◆ **INFORMATION SHOWN**:
*** Block opens ***
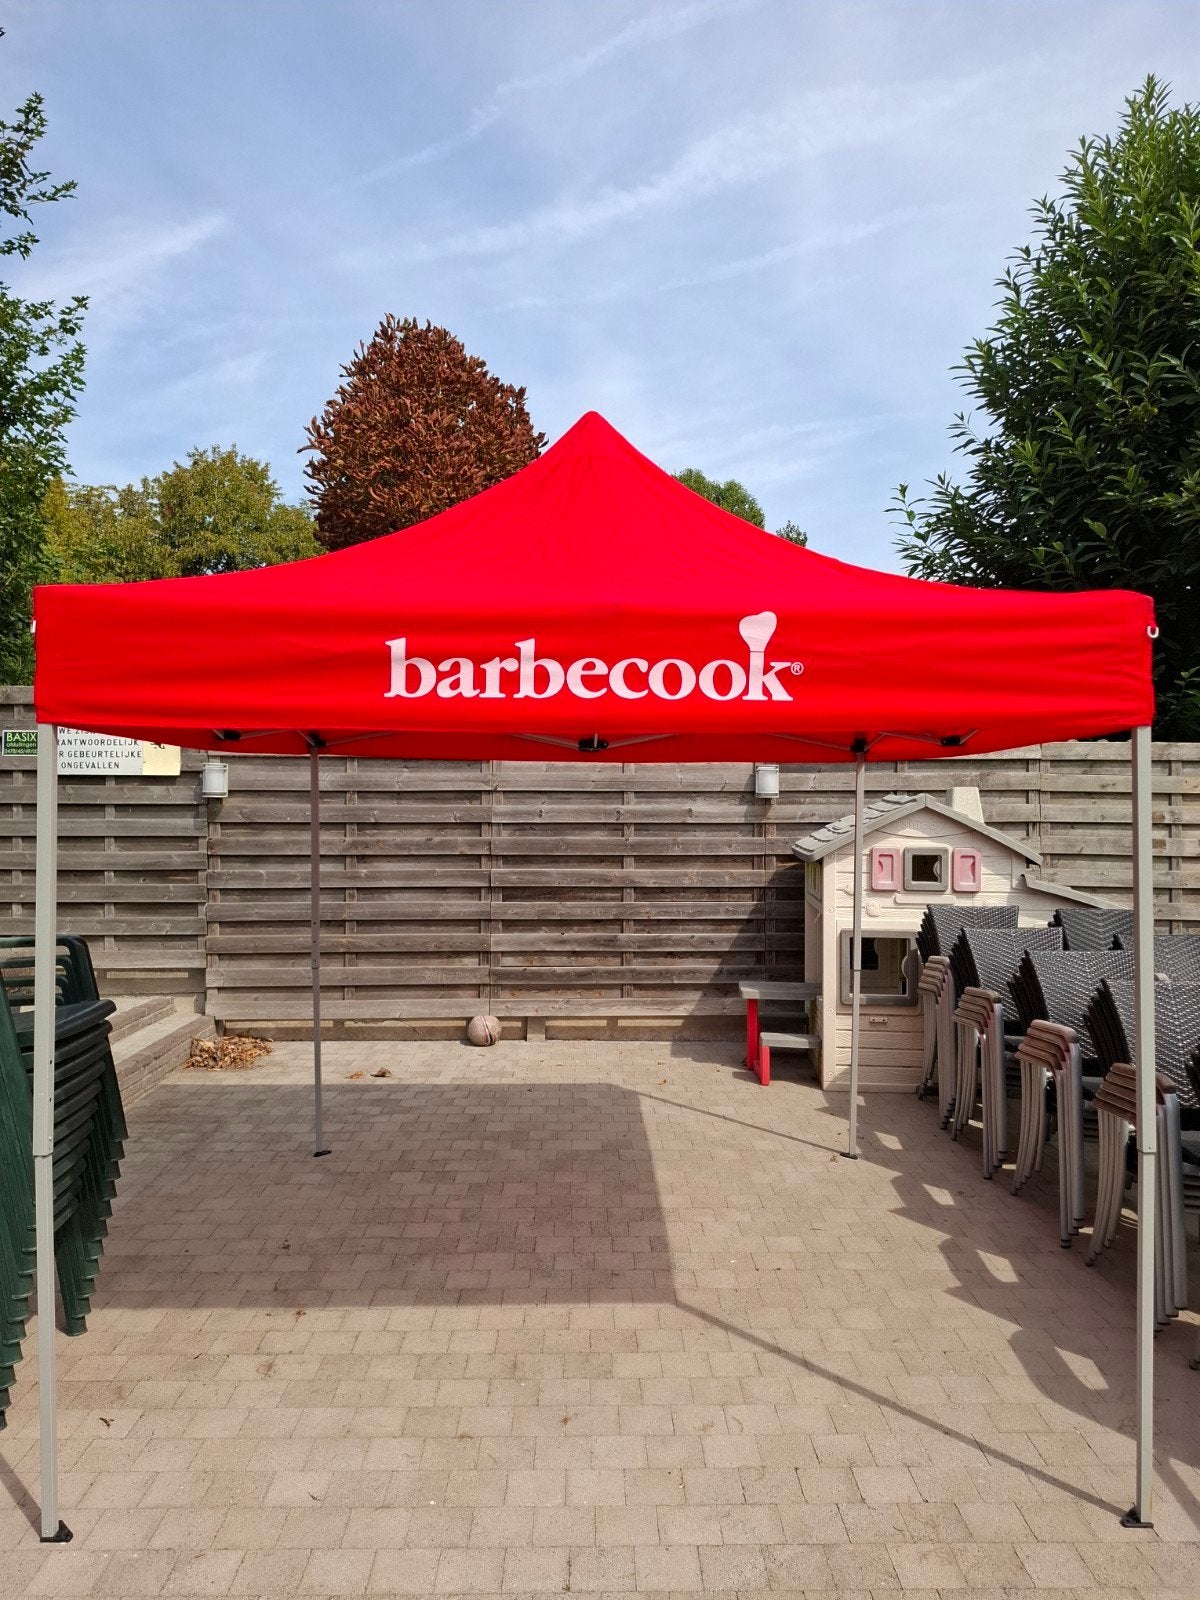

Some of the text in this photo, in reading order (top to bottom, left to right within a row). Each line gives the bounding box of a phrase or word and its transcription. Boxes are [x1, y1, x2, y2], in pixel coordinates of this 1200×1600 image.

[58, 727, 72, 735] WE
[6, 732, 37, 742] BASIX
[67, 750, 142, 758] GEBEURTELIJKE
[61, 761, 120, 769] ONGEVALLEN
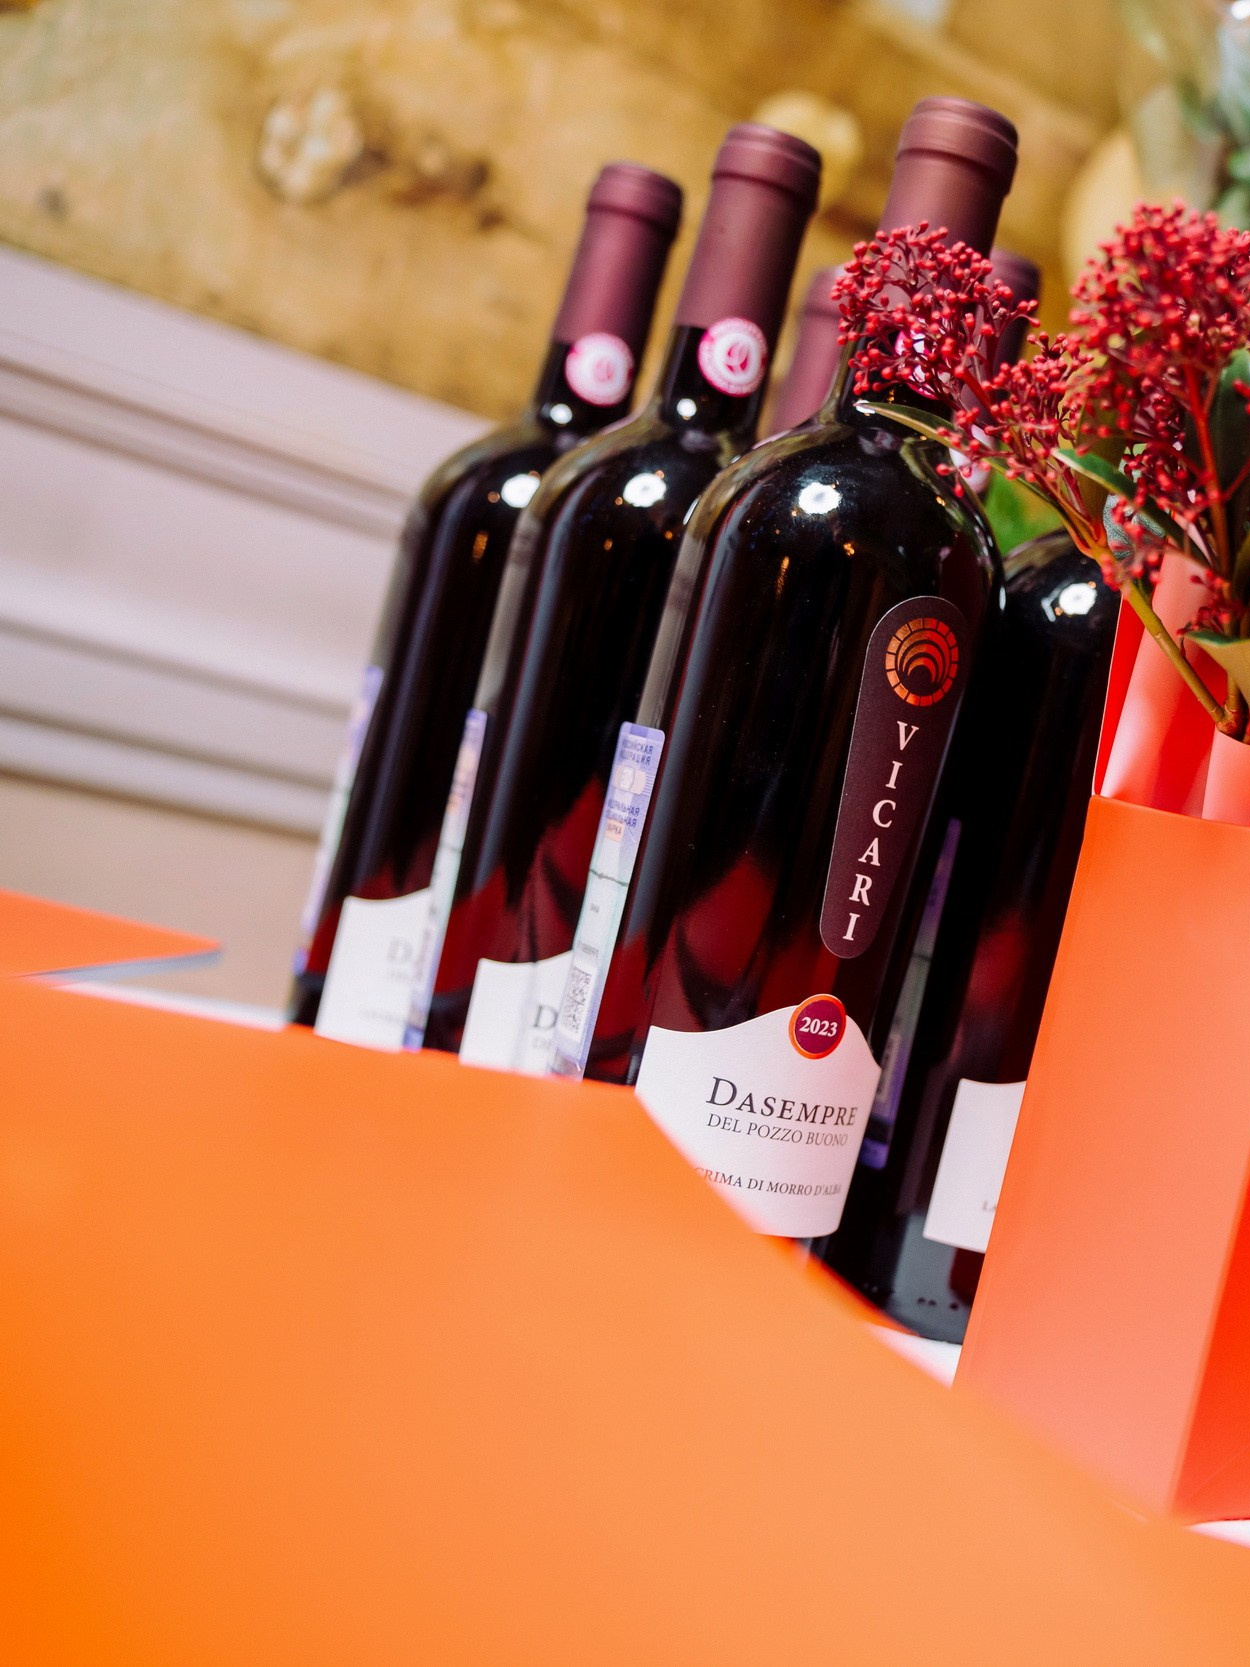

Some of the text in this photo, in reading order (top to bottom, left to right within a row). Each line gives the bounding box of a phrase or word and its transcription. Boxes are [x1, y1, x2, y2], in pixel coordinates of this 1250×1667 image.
*** Block closes ***
*** Block opens ***
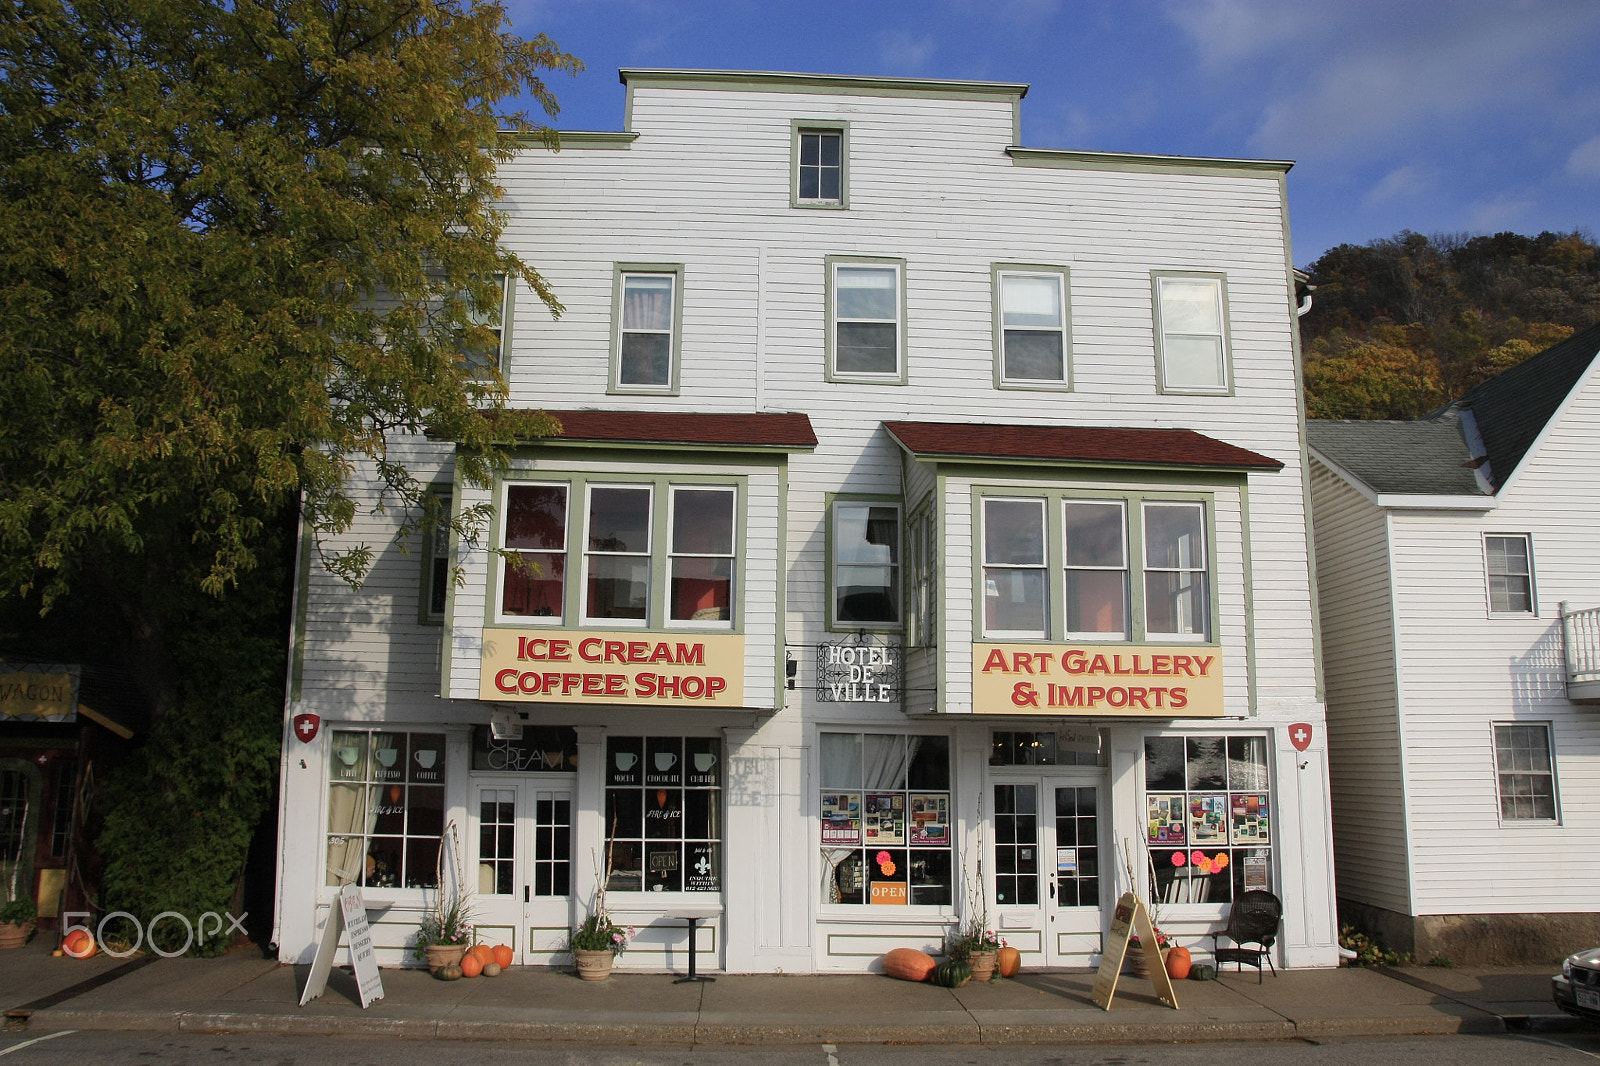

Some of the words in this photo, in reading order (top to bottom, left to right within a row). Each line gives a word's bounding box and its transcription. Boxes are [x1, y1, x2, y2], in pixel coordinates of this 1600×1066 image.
*** Block closes ***
Among the lines above, the one with "this 1200×1600 image." opens the part to repeat and the one with "this 1250×1667 image." closes it; repeat only that part exactly, with no pictures.

Some of the text in this photo, in reading order (top to bottom, left to right within a row). Each line gives the bounding box of a phrase or word and its transcription. Boxes are [x1, y1, x2, y2], in pixel coordinates of this 1200×1600 image.

[58, 727, 72, 735] WE
[6, 732, 37, 742] BASIX
[67, 750, 142, 758] GEBEURTELIJKE
[61, 761, 120, 769] ONGEVALLEN

Some of the text in this photo, in reading order (top to bottom, left to right within a row). Each line gives the bounding box of a phrase or word and its transcription. Boxes are [x1, y1, x2, y2], in pixel coordinates of this 1250×1667 image.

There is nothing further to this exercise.